Have any US military units ever actively resisted investigations or arrests of its members and/or literally fought it out with MPs or investigators?

Maybe not quite what the questioner is looking for, but here’s a good one.On July 6, 1944, 2nd Lieutenant Jackie Robinson (yes, that Jackie Robinson) of the US Army 761st Tank Battalion, stationed at Camp Hood (now Fort Hood), refused to move to the back of a civilian bus when ordered to by the driver. Lieutenant Robinson was talking to the light-skinned, but technically black, wife of another officer, and, in the words of his CO, Lieutenant Colonel Paul L. Bates:… “told the bus driver he had a choice of either driving the bus himself or he would drive it. The bus driver got on the radio, called the dispatch and said he had an uppity kind of Negro here and I’m going to drive to the MP station, have them wait there for us.”They didn’t physically resist the MP captain, one Gerald M. Bear, and two enlisted who arrested Lieutenant Robinson, but Colonel Bates refused to consent to the Army charging and court-martialing his subordinate. The Camp Hood brass promptly transferred Lieutenant Robinson to the 758th Tank Battalion, whose commander immediately signed off.Lieutenant Robinson was charged with disrespecting a superior officer (Captain Bear, who in actual fact had called him the n-word several times) and disobeying an order from him (to stay in a receiving room at the MP station). Surprisingly, he was not charged for the actual incident on the bus, and he was acquitted at the court martial thanks to good representation by a JAG officer named Cline. However, that was effectively the end of his military career: he spent the rest of the war kicking around stateside and was placed on inactive duty in October 1944. Although given that his original unit deployed to Europe in August and was to suffer 50% of its original numbers KIA, he may have come out ahead on that one.Source: The 761st "black Panther" Tank Battalion in World War II by Joe Wilson, Jr.

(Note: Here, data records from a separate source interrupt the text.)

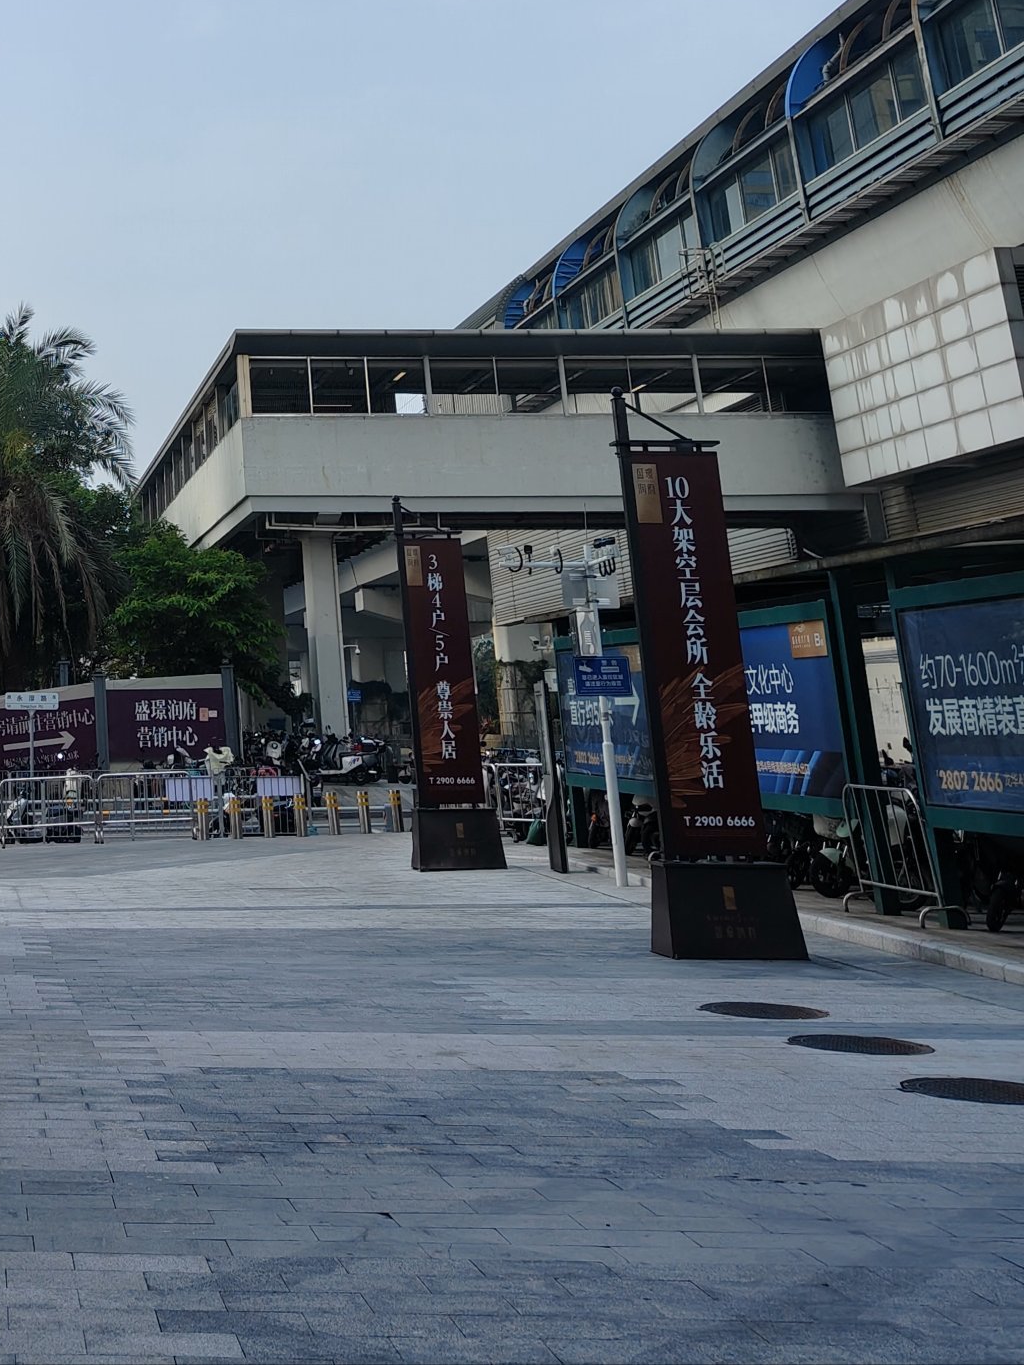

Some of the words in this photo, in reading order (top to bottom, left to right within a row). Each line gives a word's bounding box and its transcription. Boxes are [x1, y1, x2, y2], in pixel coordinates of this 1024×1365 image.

[666, 475, 708, 665] 10大架空层会所
[691, 672, 725, 789] 全龄乐活
[744, 663, 794, 695] 文化中心
[135, 698, 197, 721] 盛璟润府
[436, 681, 457, 760] 尊崇人居
[137, 725, 198, 748] 营销中心
[436, 777, 455, 785] 2900
[939, 769, 969, 791] 2802
[971, 770, 1004, 793] 2666
[683, 816, 692, 827] T
[694, 815, 724, 828] 2900
[726, 815, 755, 827] 6666

Would the majority of soldiers have supported African Americans if they had fought on the front lines during WW2?

To add to the answer already given African American soldiers fought on the front lines in both Europe and the Pacific. The 92nd Infantry Division fought in Italy along with the 784th and the 758th Tank Battalions and the 93rd Infantry Division fought in the Pacific in the Solomon Islands. The 761st Tank Battalion as well as numerous artillery and tank destroyer battalions fought in Western Europe. To alleviate a manpower shortage Black Americans were assigned as a fifth platoon to a number of divisions in the 12th and 6th Army Groups in the spring of 1945.A very large percentage of the engineer troops who built the Ledo/Stilwell Road in Burma, and fought off the Japanese, were African Americans. I should add that African American Marines fought at Saipan, Iwo Jima and Okinawa.